As Alex Ross in The Rest is Noise;
Listening to the Twentieth Century noted, “References to him as
'monkish' miss the mark; behind his sad eyes and long beard is a
steely will. In 1979 he performed the un-Shostakovich-like gesture of
donning a long-haired wig and haranguing the Estonian Composers'
Union on the subject of official restriction. He defected to the West
the following year.”
Part composed 12-tone music as a young
man (“avant-garde bourgeois music” as the Soviet authorities
called it) but for 1968 his choral piece Credo he included the
provocative line “I believe in Jesus Christ” which angered the
atheistic authorities. It was a dramatically dissonant piece –
references to Bach juxtaposed with discordant 12-tone – and was the
last significant thing he would compose for many years.
However a chance encounter with
Gregorian chant and its emotional purity lead to immersion in that
music, and that of the early Renaissance. He found his way back to
writing and in 76 presented a piano piece Fur Alina in his
new, poetically spare style.
His music seemed driven by a holy
simplicity of expression more than the minimalist tag he has so often
been given, although in its sparseness “it's a cleansing of all the
noise that surrounds us,” as violinist Kremer has said.

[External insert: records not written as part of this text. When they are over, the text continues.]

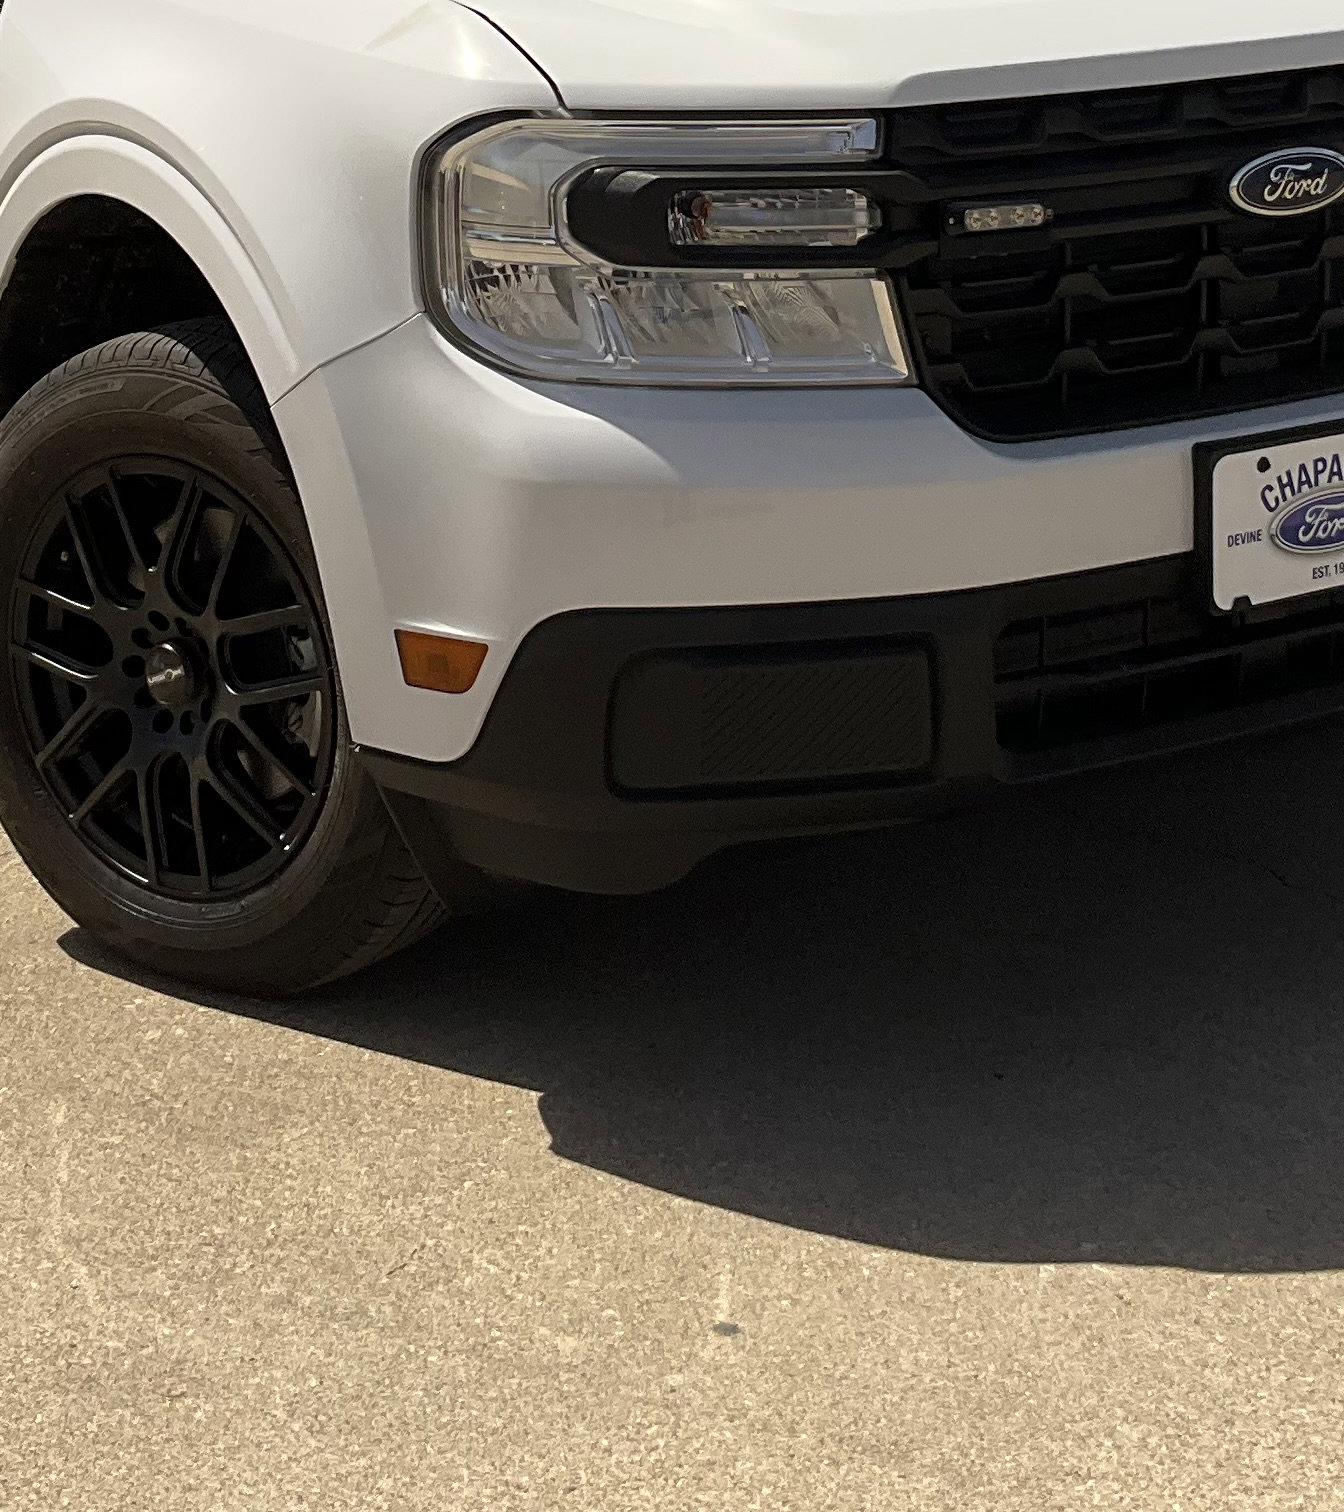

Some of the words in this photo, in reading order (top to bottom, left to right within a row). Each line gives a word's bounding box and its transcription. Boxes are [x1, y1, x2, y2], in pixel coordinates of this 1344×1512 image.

[1263, 162, 1329, 202] Ford
[1227, 528, 1263, 548] DEVINE
[1312, 564, 1332, 580] EST.
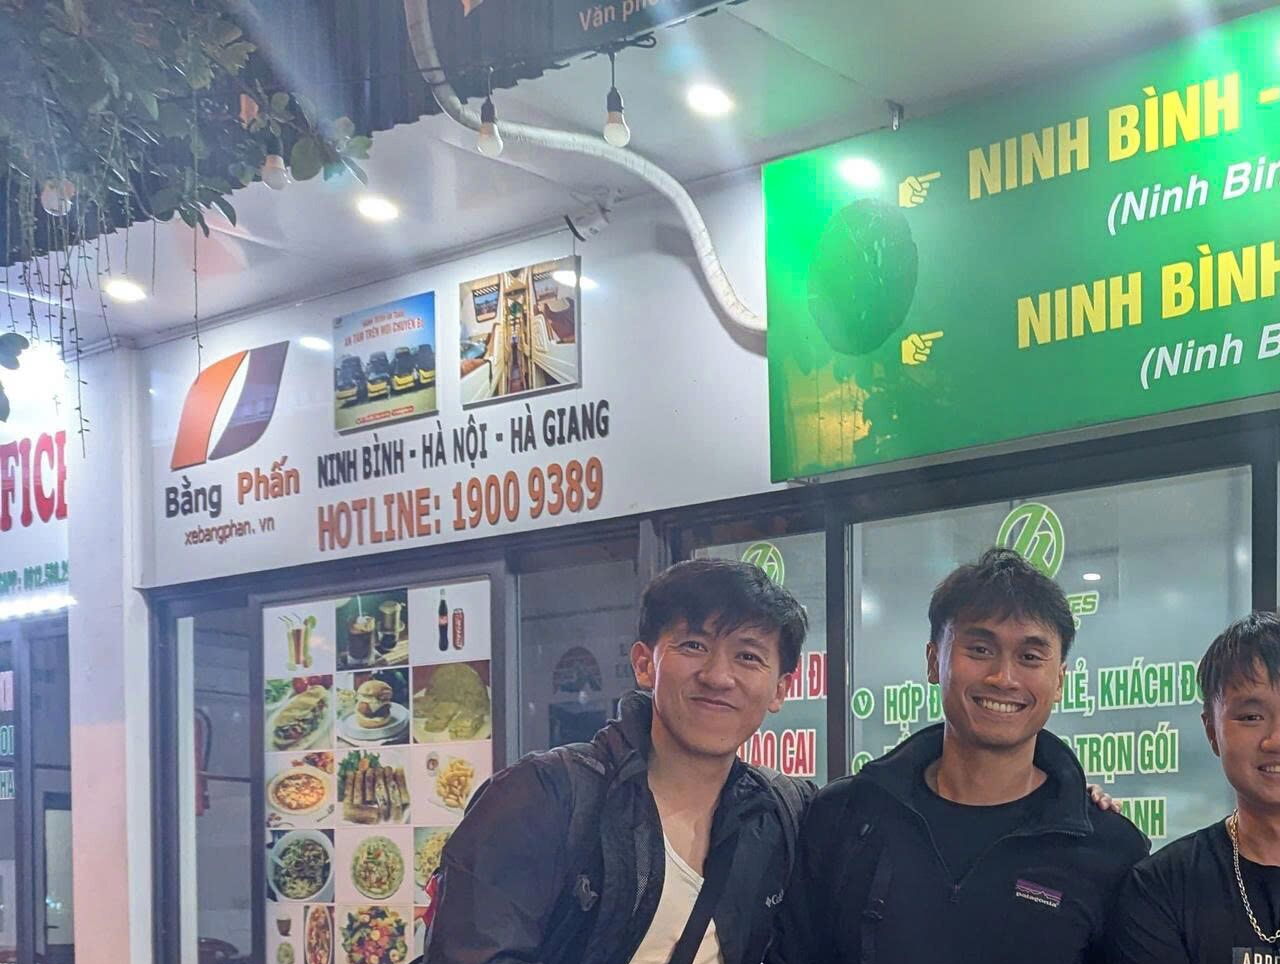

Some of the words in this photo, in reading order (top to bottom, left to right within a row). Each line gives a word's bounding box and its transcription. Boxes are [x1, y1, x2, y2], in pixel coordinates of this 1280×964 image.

[968, 116, 1089, 200] NINH
[1108, 73, 1240, 162] BÌNH
[1106, 177, 1209, 236] (Ninh
[1018, 270, 1142, 349] NINH
[1140, 336, 1244, 389] (Ninh
[317, 450, 358, 488] NINH
[362, 433, 405, 477] BÌNH
[421, 420, 447, 468] HÀ
[453, 421, 488, 468] NỘI
[510, 402, 536, 453] HÀ
[542, 400, 610, 446] GIANG
[164, 474, 222, 518] Bằng
[236, 455, 300, 505] Phấn
[317, 486, 442, 551] HOTLINE:
[450, 469, 520, 531] 1900
[527, 456, 604, 519] 9389
[258, 515, 276, 534] vn
[884, 680, 924, 732] HỢP
[1098, 656, 1176, 711] KHÁCH
[780, 728, 816, 778] CAI
[1075, 731, 1135, 784] TRỌN
[1137, 721, 1179, 775] GÓI
[1015, 891, 1057, 908] patagonia
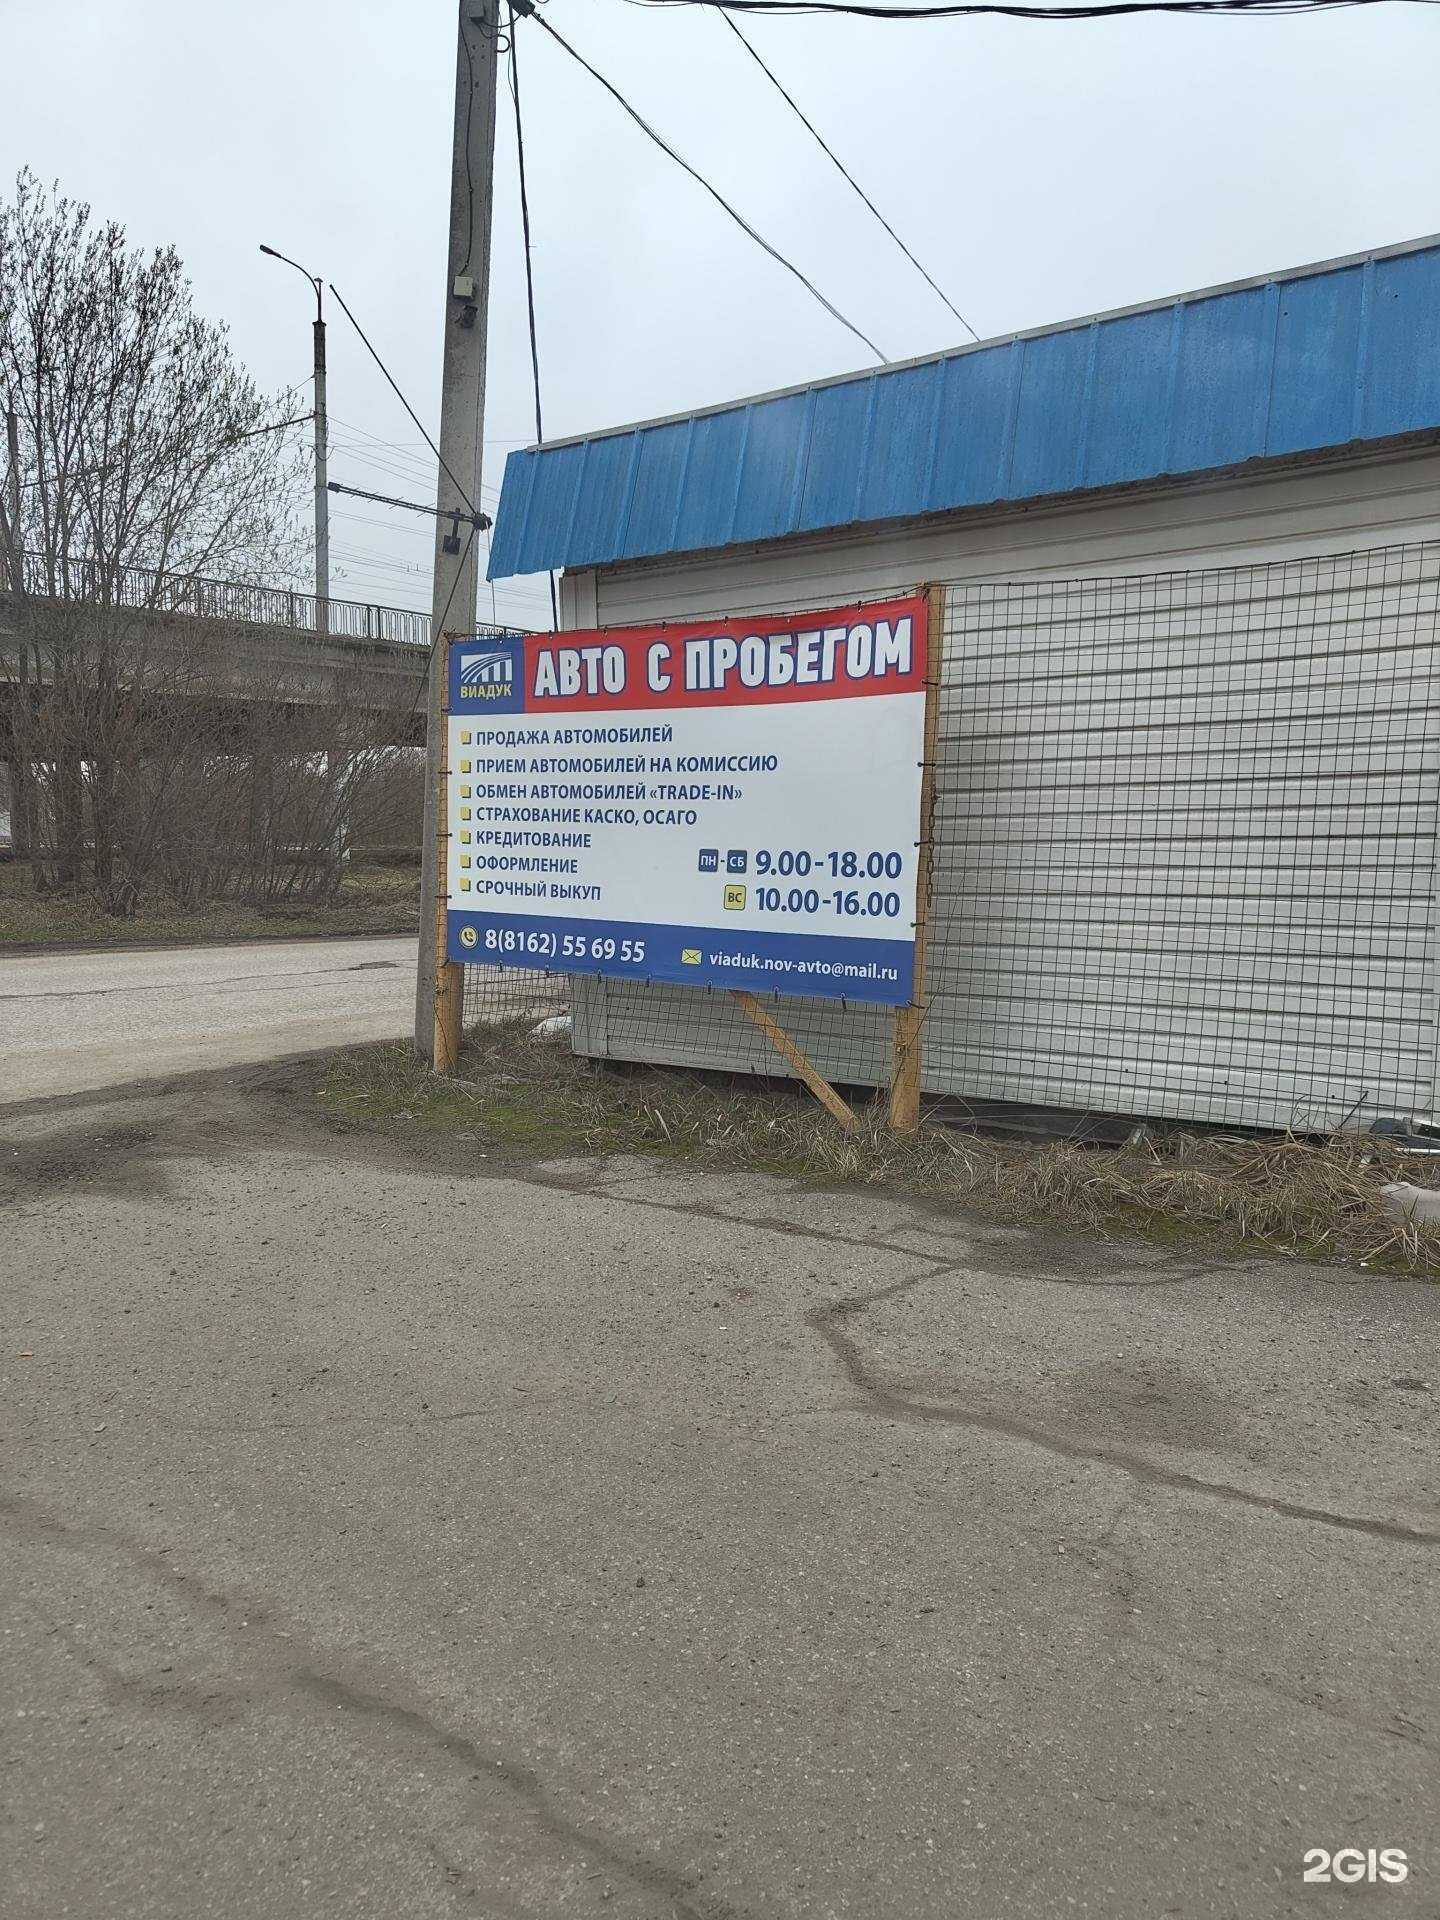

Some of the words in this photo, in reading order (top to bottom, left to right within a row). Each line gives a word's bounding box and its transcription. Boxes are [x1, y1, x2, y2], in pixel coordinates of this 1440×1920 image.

And it has a restful, meditative
quality as those Aids patients in New York discovered decades ago.
But this is not music of death, rather
it is of life and reflection, and of transcendence.
As the title of Tabula rasa – from
the Latin, meaning “a clean slate” -- suggests, it is music of a
new beginning, life from silence and space. Just a few dots on a
score proving less is more. A rare kind of soul music where you can
hear the wings of angels.
And as Manfred Eicher discovered that
night, it makes you slow down and pull over. In every sense.
Tabula Rasa; Special Edition (ECM
New Series) is available in New Zealand through Ode Records.